Issue resolved by pull request 15610
[https://github.com/apache/spark/pull/15610]

> Fix default Locale used in DateFormat, NumberFormat to Locale.US
> ----------------------------------------------------------------
>
>                 Key: SPARK-18076
>                 URL: https://issues.apache.org/jira/browse/SPARK-18076
>             Project: Spark
>          Issue Type: Bug
>          Components: MLlib, Spark Core, SQL
>    Affects Versions: 2.0.1
>            Reporter: Sean Owen
>            Assignee: Sean Owen
>              Labels: releasenotes
>             Fix For: 2.1.0
>
>
> Many parts of the code use {{DateFormat}} and {{NumberFormat}} instances. 
> Although the behavior of these format is mostly determined by things like 
> format strings, the exact behavior can vary according to the platform's 
> default locale. Although the locale defaults to "en", it can be set to 
> something else by env variables. And if it does, it can cause the same code 
> to succeed or fail based just on locale:
> {code}
> import java.text._
> import java.util._
> def parse(s: String, l: Locale) = new SimpleDateFormat("yyyyMMMdd", 
> l).parse(s)
> parse("1989Dec31", Locale.US)
> Sun Dec 31 00:00:00 GMT 1989
> parse("1989Dec31", Locale.UK)
> Sun Dec 31 00:00:00 GMT 1989
> parse("1989Dec31", Locale.CHINA)
> java.text.ParseException: Unparseable date: "1989Dec31"

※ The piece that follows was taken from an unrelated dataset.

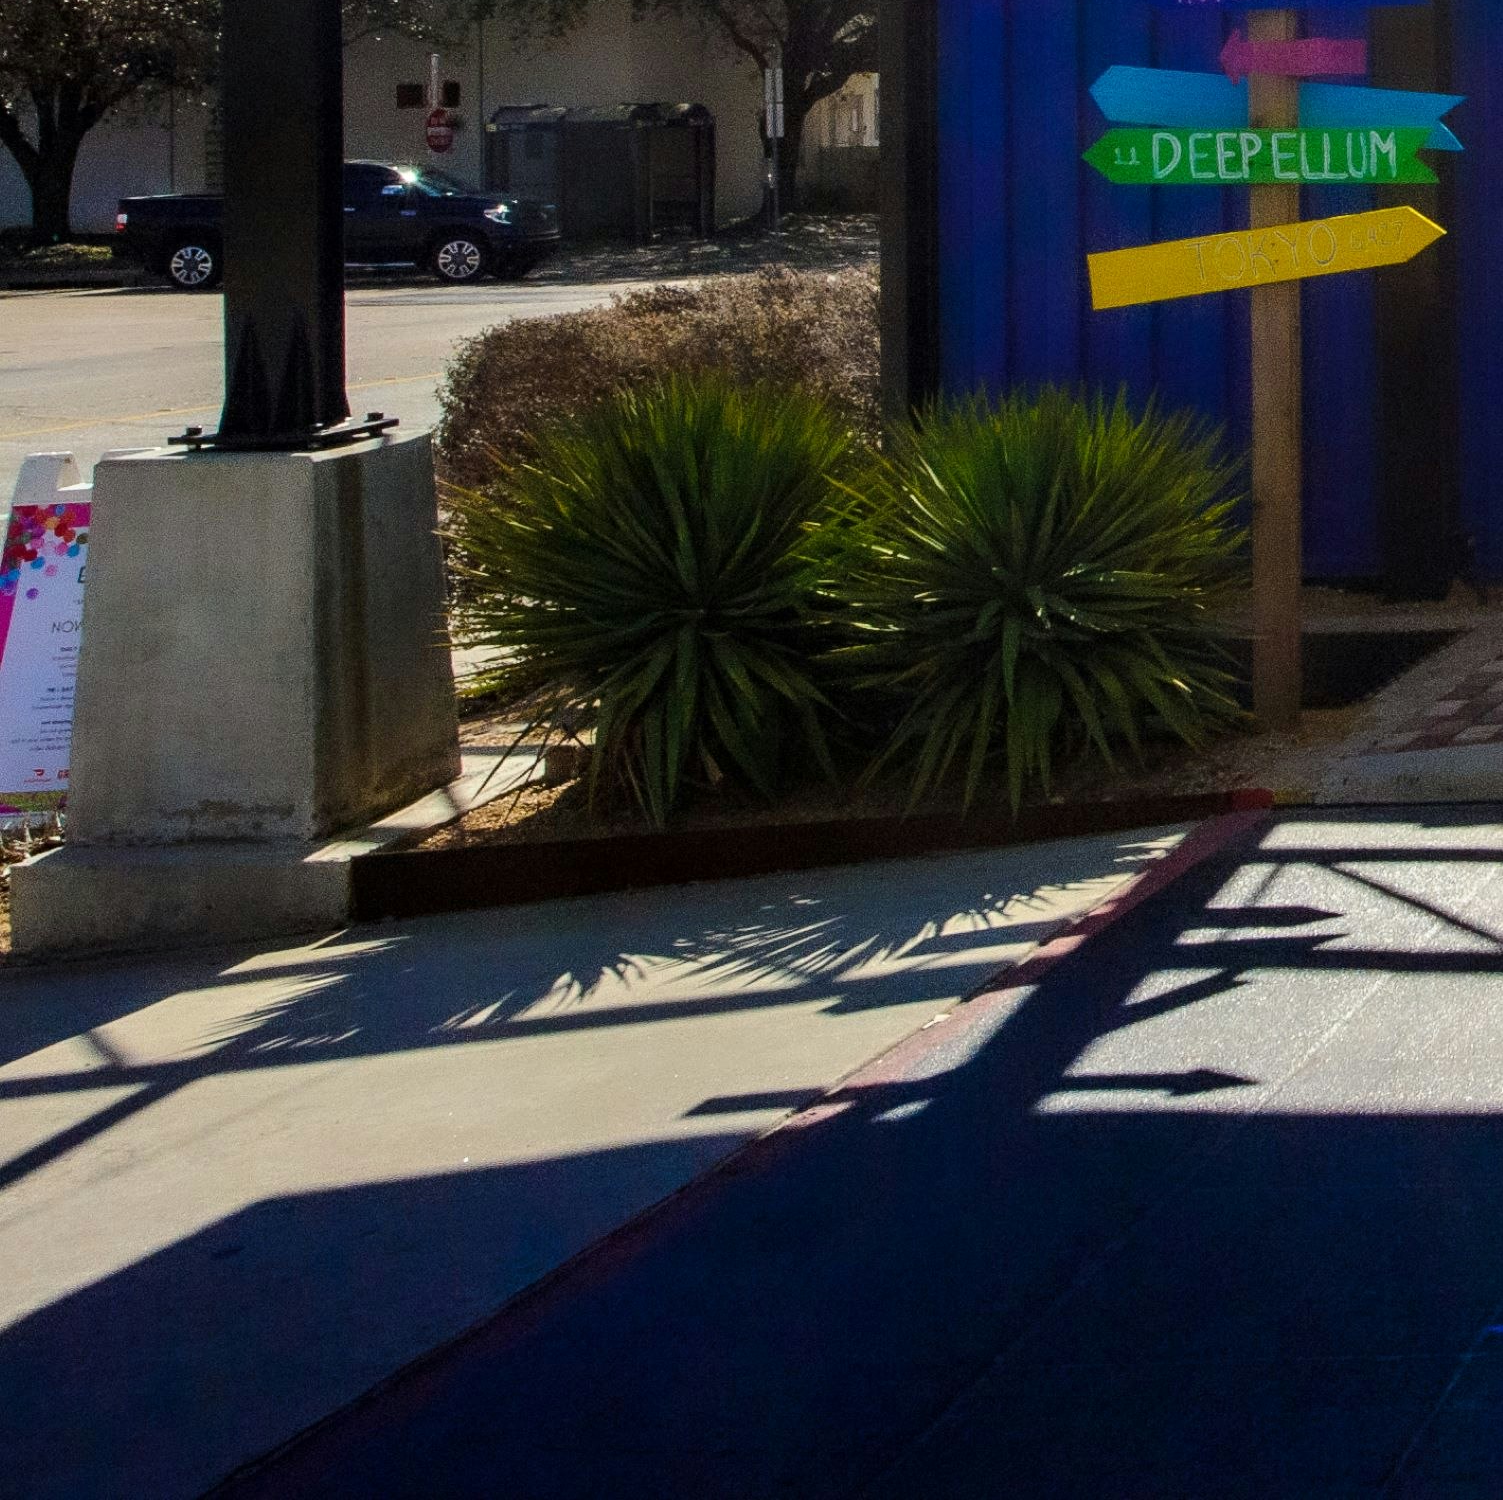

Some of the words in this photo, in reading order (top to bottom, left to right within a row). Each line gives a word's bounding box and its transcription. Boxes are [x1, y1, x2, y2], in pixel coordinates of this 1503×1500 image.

>   at java.text.DateFormat.parse(DateFormat.java:366)
>   at .parse(<console>:18)
>   ... 32 elided
> parse("1989Dec31", Locale.GERMANY)
> java.text.ParseException: Unparseable date: "1989Dec31"
>   at java.text.DateFormat.parse(DateFormat.java:366)
>   at .parse(<console>:18)
>   ... 32 elided
> {code}
> Where not otherwise specified, I believe all instances in the code should 
> default to some fixed value, and that should probably be {{Locale.US}}. This 
> matches the JVM's default, and specifies both language ("en") and region 
> ("US") to remove ambiguity. This most closely matches what the current code 
> behavior would be (unless default locale was changed), because it will 
> currently default to "en".
> This affects SQL date/time functions. At the moment, the only SQL function 
> that lets the user specify language/country is "sentences", which is 
> consistent with Hive.
> It affects dates passed in the JSON API. 
> It affects some strings rendered in the UI, potentially. Although this isn't 
> a correctness issue, there may be an argument for not letting that vary (?)
> It affects a bunch of instances where dates are formatted into strings for 
> things like IDs or file names, which is far less likely to cause a problem, 
> but worth making consistent.
> The other occurrences are in tests.
> The downside to this change is also its upside: the behavior doesn't depend 
> on default JVM locale, but, also can't be affected by the default JVM locale. 
> For example, if you wanted to parse some dates in a way that depended on an 
> non-US locale (not just the format string) then it would no longer be 
> possible. There's no means of specifying this, for example, in SQL functions 
> for parsing dates. However, controlling this by globally changing the locale 
> isn't exactly great either.
> The purpose of this change is to make the current default behavior 
> deterministic and fixed. PR coming.